There I was, at around 2300m in the sky, and JR was telling me to lean further away from the rock to get a better view of the endless mountain peaks around us.

As scary as that may sound, I was perfectly safe to do so, since I was on the Via Ferrata at Kicking Horse Mountain Resort.

Not only does Kicking Horse’s Via Ferrata offer some of the most impressive alpine views you’ll ever see, but it also allows for an incredibly safe yet exciting climbing experience.

Not sure what a Via Ferrata is? Let me tell you all about it and why you need to try the Via Ferrata at Kicking Horse Mountain Resort in British Columbia, Canada.

Gemma climbing steel hand and feet holds on the Kicking Horse Via Ferrata
Gemma climbing the Via Ferrata at Kicking Horse Mountain Resort, British Columbia
Views from Kicking Horse's Via Ferrata course of mountain peaks and a river valley
Endless mountain views from Kicking Horse’s Via Ferrata course
Gemma and guide Lenka crossing a suspension bridge on the Kicking Horse Via Ferrata
Crossing the Via Ferrata suspension bridge
Gemma and JR climbing up a rock wall on the Via Ferrata at Kicking Horse
Climbing high on the Via Ferrata – photo thanks to our awesome guide Lenka

What is ‘Via Ferrata’?

Via Ferrata means ‘iron road’ in Italian, which quite aptly describes this style of climbing. Instead of relying completely on rock holds, Via Ferrata courses have fixed metal steps and handles to help climbers ascend and traverse.

On top of that, Via Ferrata climbers are safely anchored to the rock at all times via a cable system, so there is zero risk of danger.

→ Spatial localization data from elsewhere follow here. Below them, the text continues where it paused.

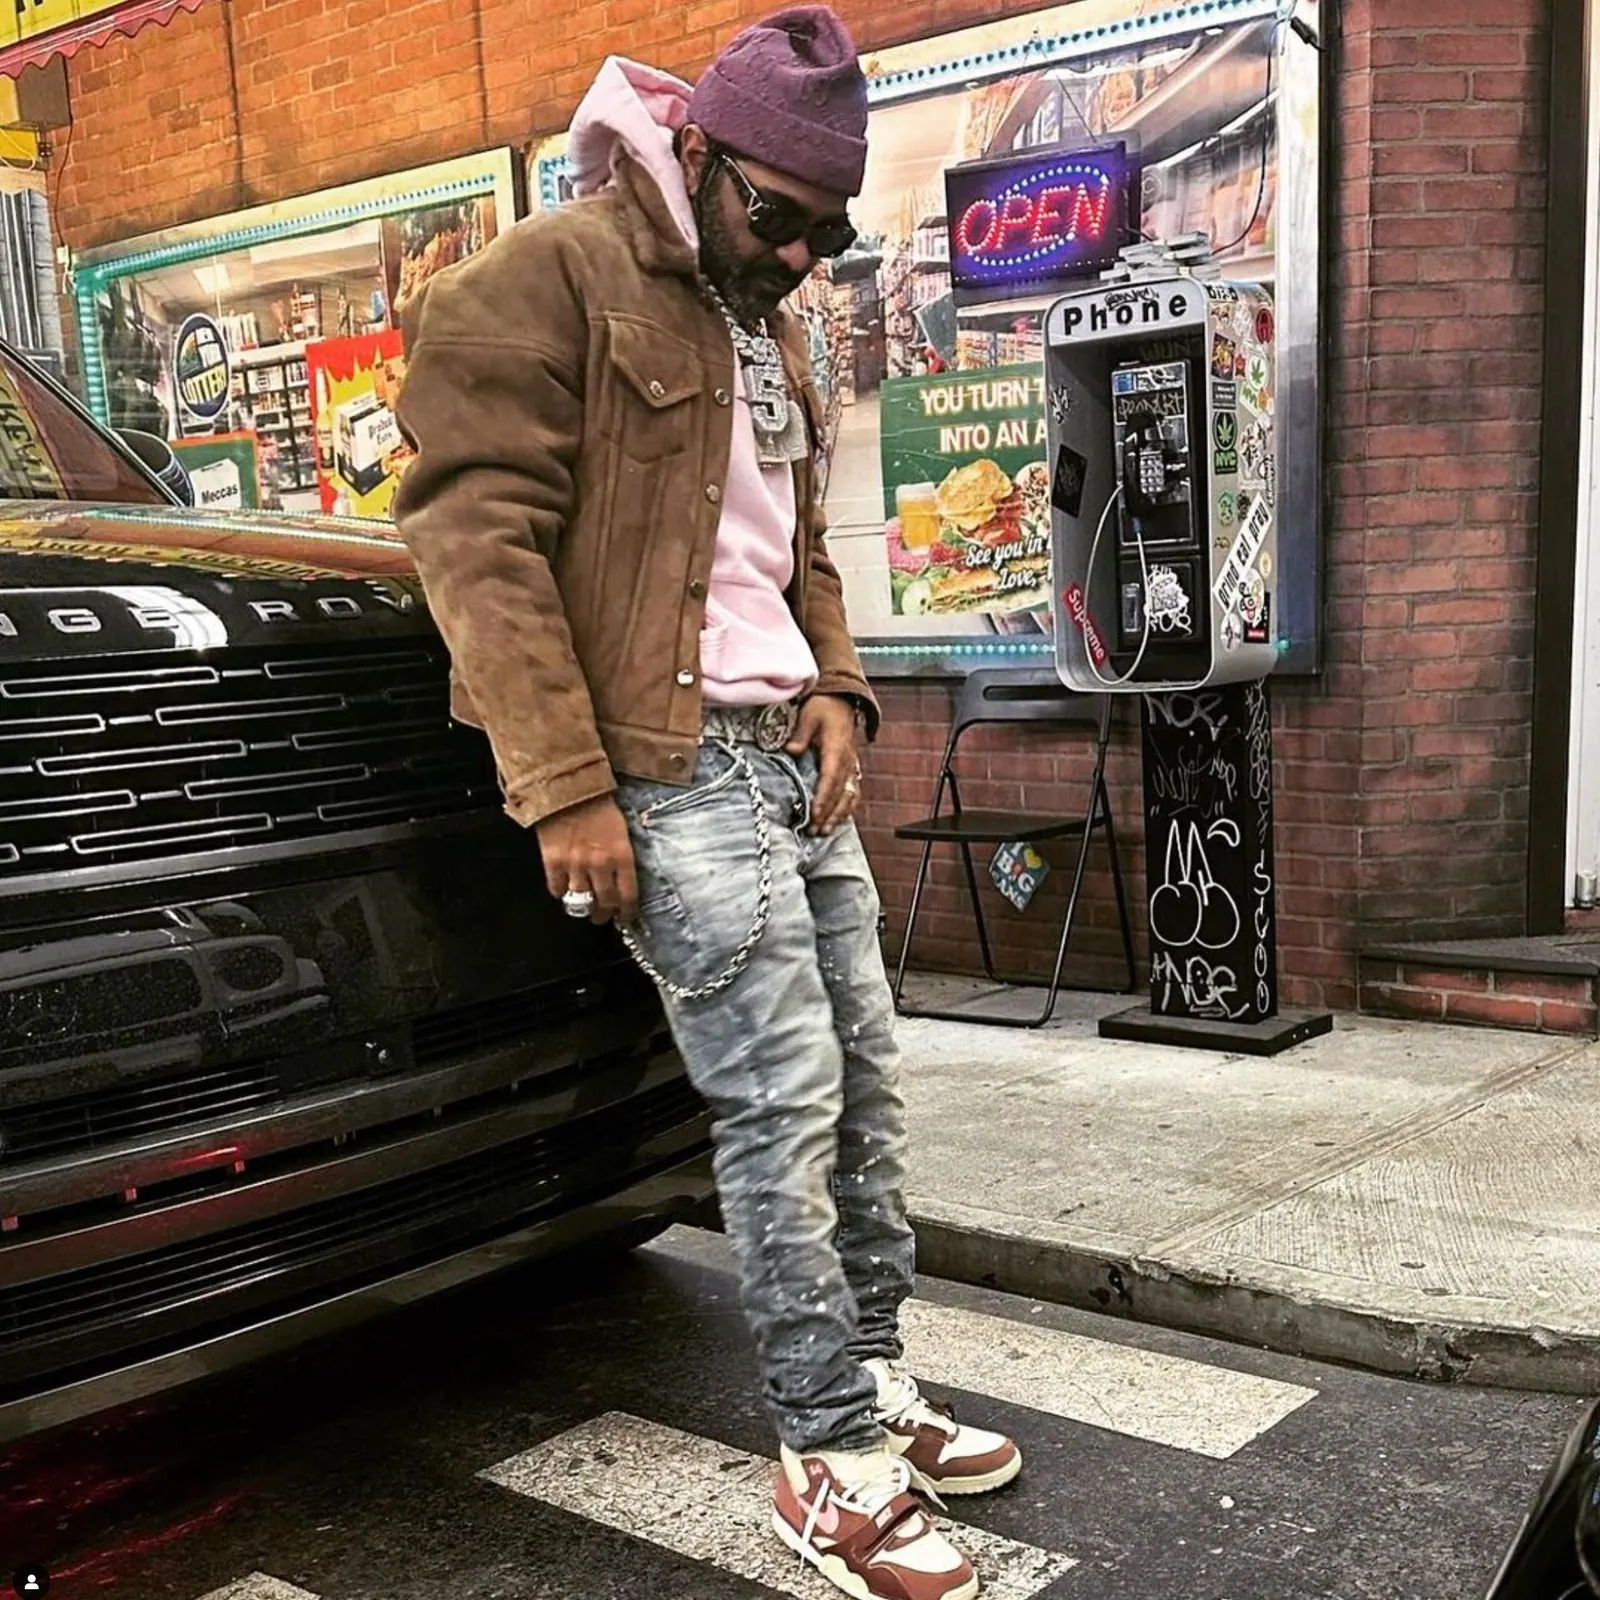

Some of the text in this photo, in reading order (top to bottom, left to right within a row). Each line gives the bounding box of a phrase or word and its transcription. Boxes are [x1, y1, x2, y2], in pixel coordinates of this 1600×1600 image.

[956, 184, 1108, 250] OPEN
[1063, 294, 1188, 336] Phone
[919, 386, 965, 416] YOU
[967, 379, 1029, 412] TURN
[939, 424, 990, 454] INTO
[995, 419, 1029, 449] AN
[1215, 451, 1237, 468] NYC
[201, 483, 239, 505] Meccas
[965, 544, 991, 569] See
[992, 539, 1024, 571] you
[1027, 532, 1042, 554] in
[997, 567, 1037, 590] Love,

With all this considered, Via Ferrata is a bit like climbing without any of the stress. JR and I do climb occasionally, and it was quite refreshing not to have to worry about building anchors and double (and triple) checking knots.

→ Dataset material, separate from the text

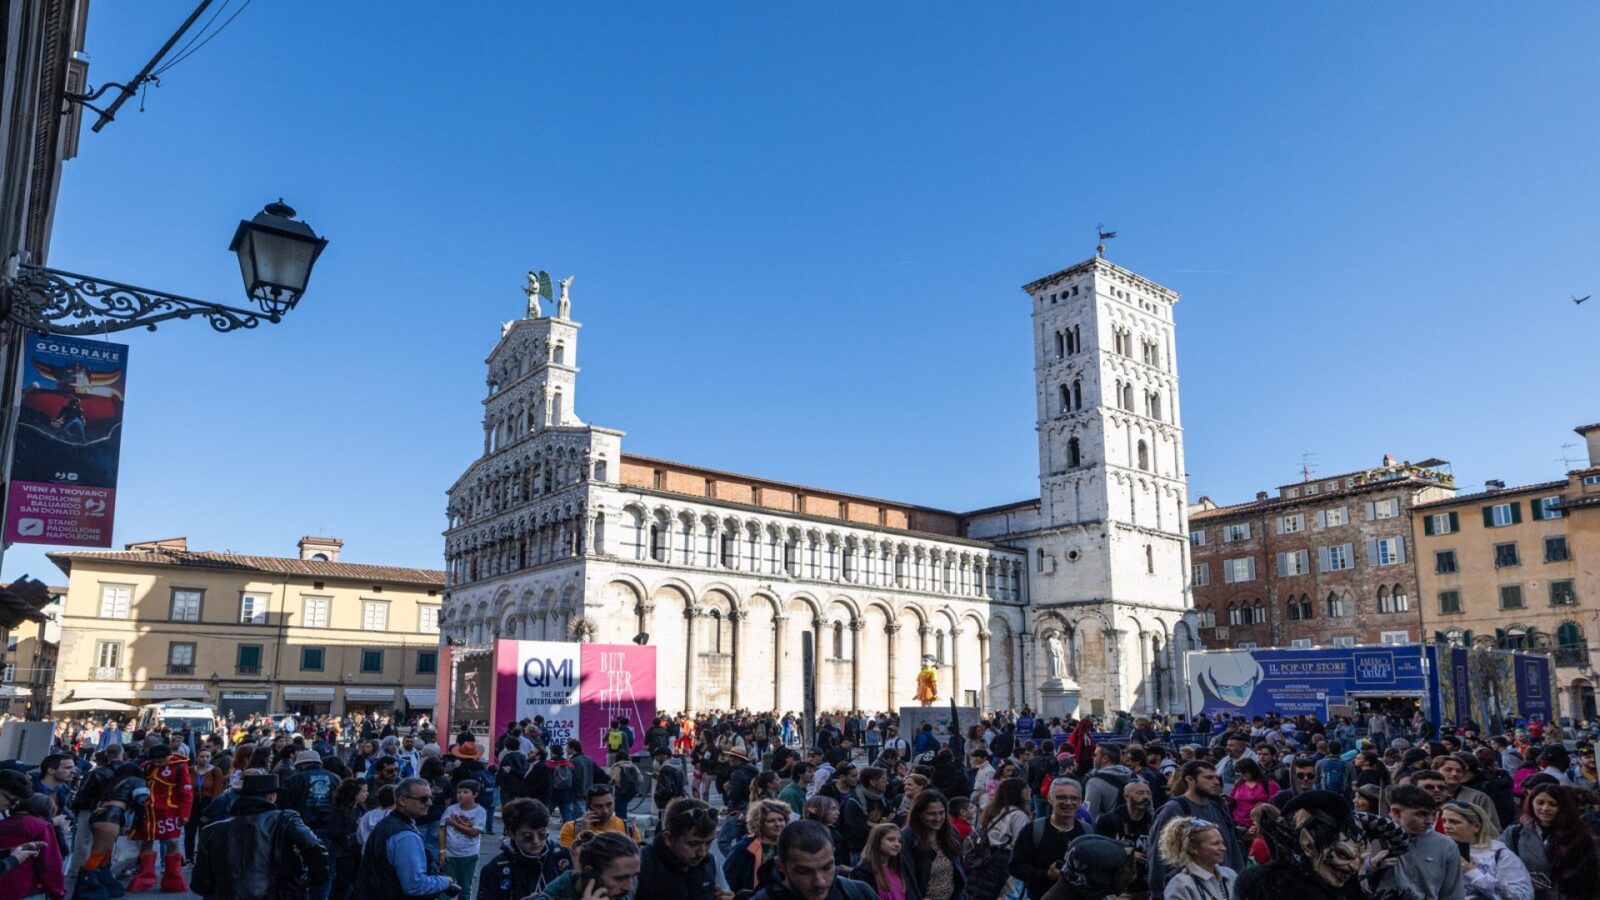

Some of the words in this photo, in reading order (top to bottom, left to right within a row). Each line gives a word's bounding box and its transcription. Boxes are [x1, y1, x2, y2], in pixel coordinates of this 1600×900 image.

The fixed steps and handles make ascending a lot easier but there’s still some thought required. 

There are places where it is helpful to use the rock for better foot and hand holds, especially if you are vertically challenged like me (I’m 5″2). Via Ferrata is definitely not quite as easy as climbing a ladder!

Steel rungs and cables leading up rock wall, part of the Via Ferrata course
The Via Ferrata course at Kicking Horse Mountain Resort

Via Ferrata or climbing?

If you’ve ever wanted to try climbing but are not sure whether it is for you, I think visiting a Via Ferrata course is a good way to start.

There’s no question that the experience is different in a few ways but it’ll give you an indication whether you enjoy being on rock or not.

With the Via Ferrata at Kicking Horse Mountain Resort being guided, all of the equipment is provided and the safety aspect completely taken care of.

Gemma and guide Lenka traversing on the Via Ferrata at Kicking Horse
Traversing on the Via Ferrata can be just as challenging as climbing vertically

The Via Ferrata Experience at Kicking Horse Mountain Resort

There are only a handful of Via Ferrata courses in North America and the one at Kicking Horse Mountain Resort is reportedly the most exposed and exhilarating one of them all.

Kicking Horse Mountain Resort offers three Via Ferrata experiences:

  • Pioneer – approx 1 hour
  • Discovery – approx 2 hours
  • Ascension – approx 3 hours

All three tours start in the same location on Terminator Ridge and follow the same initial route. The longest tour, Ascension, ends just below Terminator Peak, while Discovery culminates around 100m lower. 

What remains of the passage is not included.